Wednesday, October 30, 2013

Channeling Georgia

 The boys at school have been painting some landscapey bones in the desert kind of stuff this week.
Georgia O'Keefe was one of the painters referred to. We like a bit of Georgia.
Here's one I prepared earlier on primed paper.

 There's another in progress. I like to try a little feminization of the boney subjects. The boys were being a bit grittier with their desert tones. 

 I have never been much of a painter type but seem to be getting a bit addicted to it lately.
It makes my mouth water ....

and gave me a brain worm....

Here's to my first last child's namesake. Sing it Ella!

Friday, October 25, 2013

the Return of Lefty

Today is an anniversary of sorts.

It is one year since I had my last zappo of radiation and was freed of the treatment that squashed 2012 (and hopefully the cancer) like a nasty bug.

Coincidentally the universe swung around a bit this week and threw me a bone. The $15000 surgery that is required for breast reconstruction has been offered to me gratis! There is a small but amazing programme still existing in the fast shrivelling maze of Queensland Health that offers this if you tick all the boxes. There are questions about weight, height, smoking, etc. Then you pass to level 2 where they checkout your scar recovery, muscle, muffintop and sanity.
Yesterday they finally rang to say I was in! Straight up in the New Year, Lefty ll will arrive. It will be a long recovery but the Universe threw us another bone and my job was extended another year. They are happy for me to take the time needed to recover. So The Divine Ms M aka Shorty can start prep with a mother on board who can be home again during the day sans l'offspring to get strong and healthy and maybe bake a few cakes and make a few paintings. At first the surgical side of things made me fairly nervous but there was a need to fix some problems from last year's surgery anyhoo. So I figured what is there to lose except my muffin top which they use to make the newby. 

Lichtenstein tweaked.
This year has gone so fast with work and refinding the making mojo and the support and happy company of lovely friends. Thanks to all of you- again.

Sunday, October 20, 2013

Lifting the house

Sometimes I imagine being the headstrong yet adorable companion to Dr Who. I would get in the time machine and go back to when Ollie Twist was owner-building this farmhouse in the 1930's. He would be sitting out the back of his shed down the back playing his clarinet, an enviably SMALL instrument.

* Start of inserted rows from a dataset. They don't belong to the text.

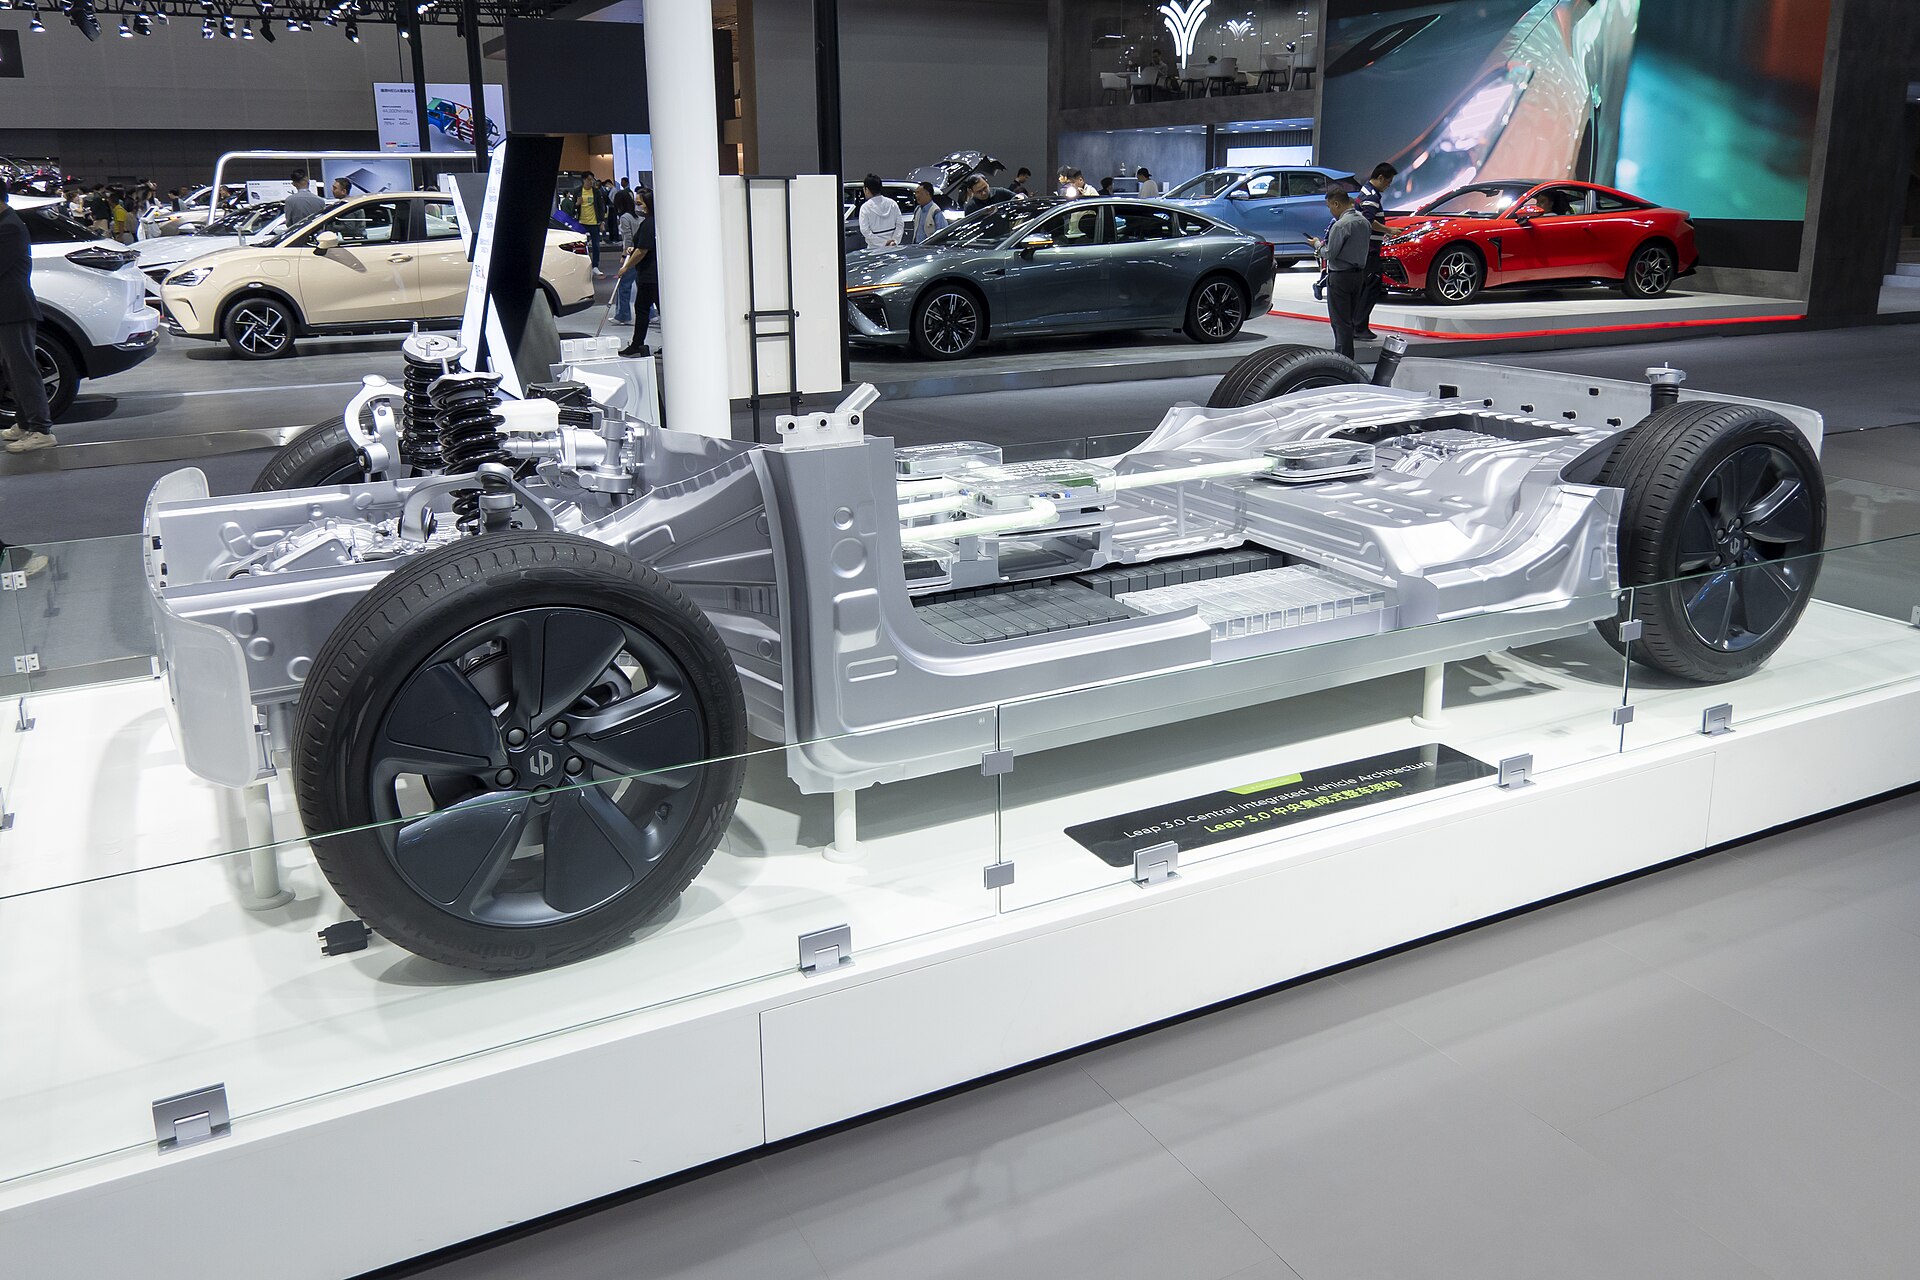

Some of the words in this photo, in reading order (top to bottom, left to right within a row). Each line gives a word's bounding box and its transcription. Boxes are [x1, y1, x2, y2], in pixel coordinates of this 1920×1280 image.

[1123, 825, 1162, 838] Leap
[1161, 819, 1186, 829] 3.0
[1186, 806, 1238, 823] Central
[1238, 788, 1310, 810] Integrated
[1308, 778, 1358, 793] Vehicle
[1358, 761, 1434, 782] Architecture
[1204, 820, 1245, 833] Leap
[1244, 812, 1271, 822] 3.0
[1270, 780, 1403, 816] 中央集成式整车架构
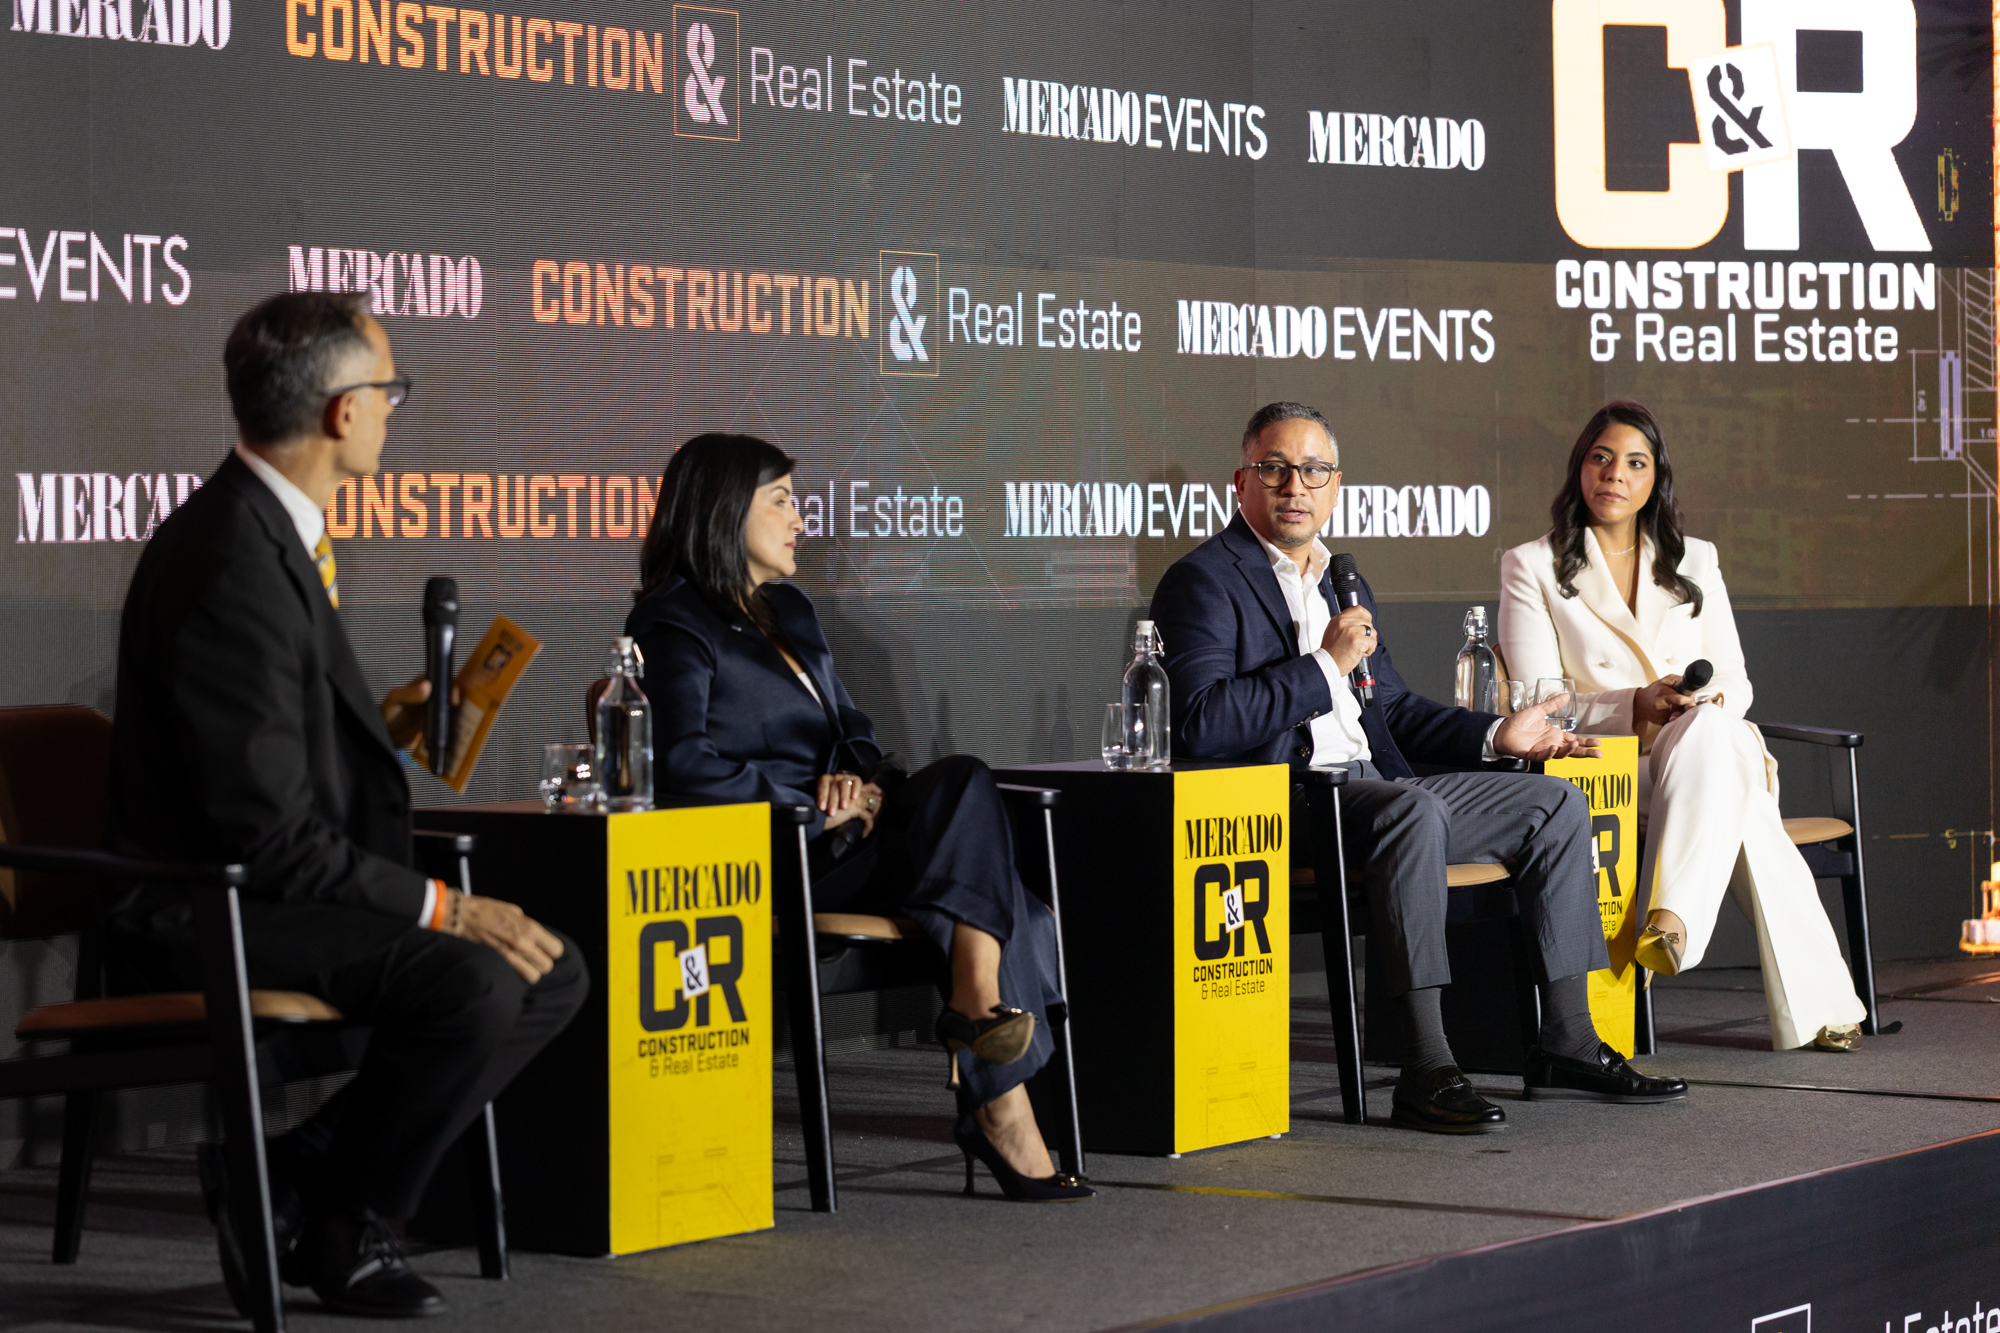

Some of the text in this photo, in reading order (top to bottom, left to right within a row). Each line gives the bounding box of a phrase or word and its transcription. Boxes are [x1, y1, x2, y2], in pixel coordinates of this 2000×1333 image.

[286, 0, 963, 127] CONSTRUCTION & Real Estate
[1307, 110, 1486, 171] MERCADO
[532, 259, 1143, 363] CONSTRUCTION & Real Estate
[1555, 259, 1937, 311] CONSTRUCTION
[1590, 312, 1899, 362] & Real Estate
[15, 472, 203, 543] MERCA
[326, 472, 664, 539] ONSTRUCTION
[849, 480, 965, 538] Estate
[1184, 813, 1283, 860] MERCADO
[624, 859, 762, 916] MERCADO
[1193, 957, 1273, 983] CONSTRUCTION
[1211, 977, 1233, 999] Real
[1234, 978, 1266, 996] Estate
[638, 1027, 750, 1058] CONSTRUCTION
[663, 1053, 693, 1076] Real
[697, 1051, 740, 1073] Estate
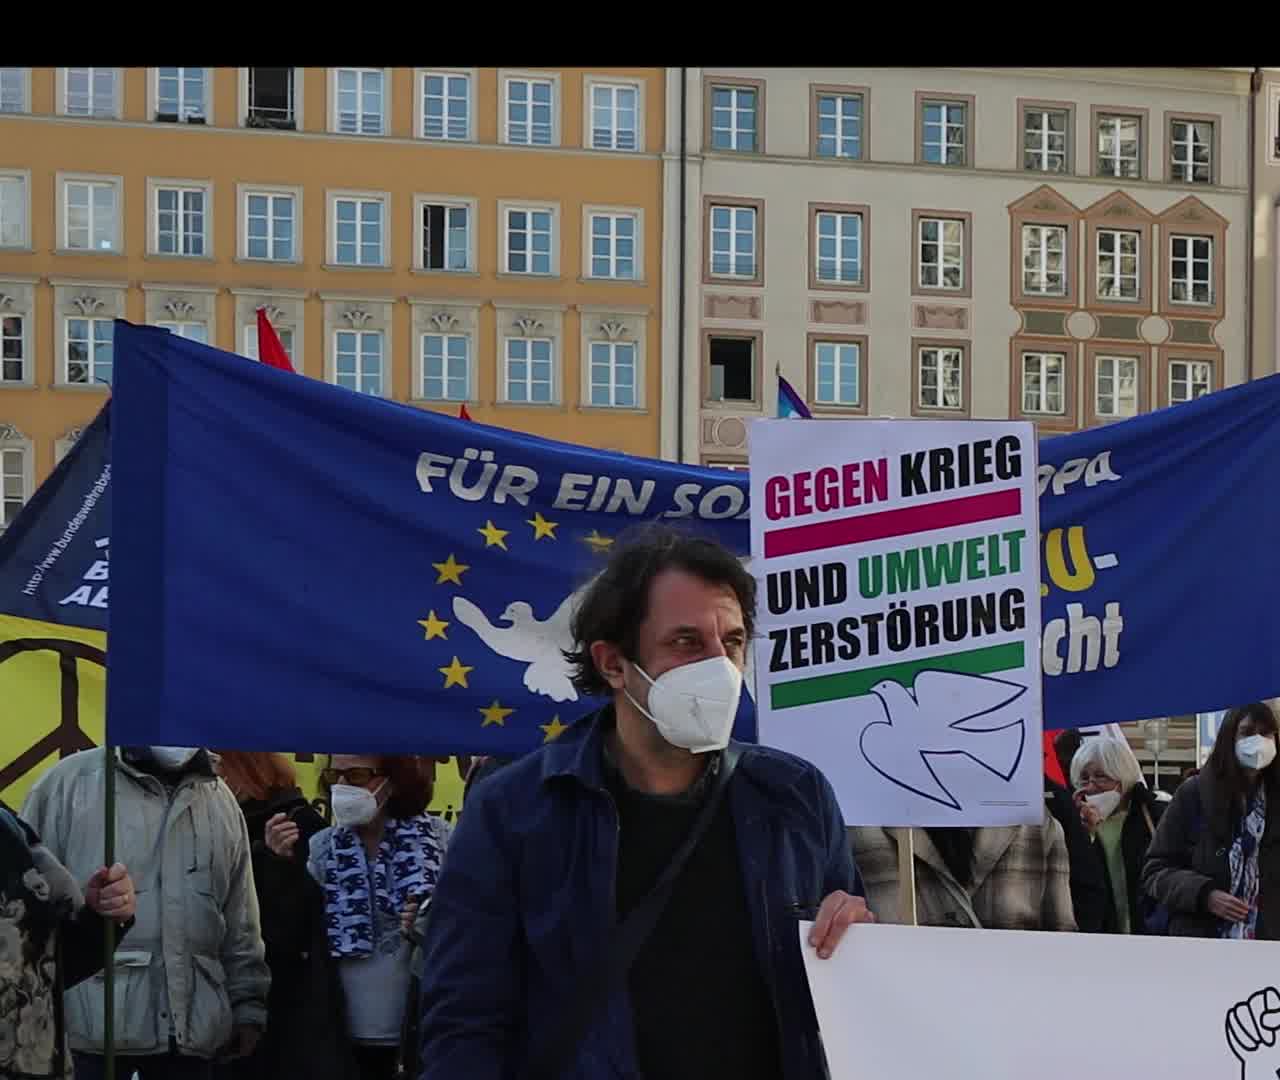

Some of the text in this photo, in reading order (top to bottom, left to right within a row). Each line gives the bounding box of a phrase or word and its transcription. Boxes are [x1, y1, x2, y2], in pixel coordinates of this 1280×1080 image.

[415, 447, 750, 520] FÜR EIN SO
[764, 435, 1021, 521] GEGEN KRIEG
[766, 529, 1026, 615] UND UMWELT
[768, 587, 1026, 673] ZERSTÖRUNG

Apparently he was a congenial and open minded man so he would greet me happily enough once over the initial surprise at the appearance of a police box in his paddock.
Then after being introduced I'd have a stern word with Ollie.

"Ollie", I'd say, "There are a few things you need to change when you set about building this house of yours as it will one day be mine. I would appreciate you making the hallway twice as wide so I can have a couple of dressers with storage and lovely vinaigrettes on them."

After explaining the vinaigrette principle, I would go on to politely request that he also make the sun room twice as wide so we could fit more people out there and a table and chairs. We used to have them out there till the chillun  got too long to get in and out of the chairs and the Big Fella moved it around without permission while I was at the footy one day. Yes, we embrace role reversal here.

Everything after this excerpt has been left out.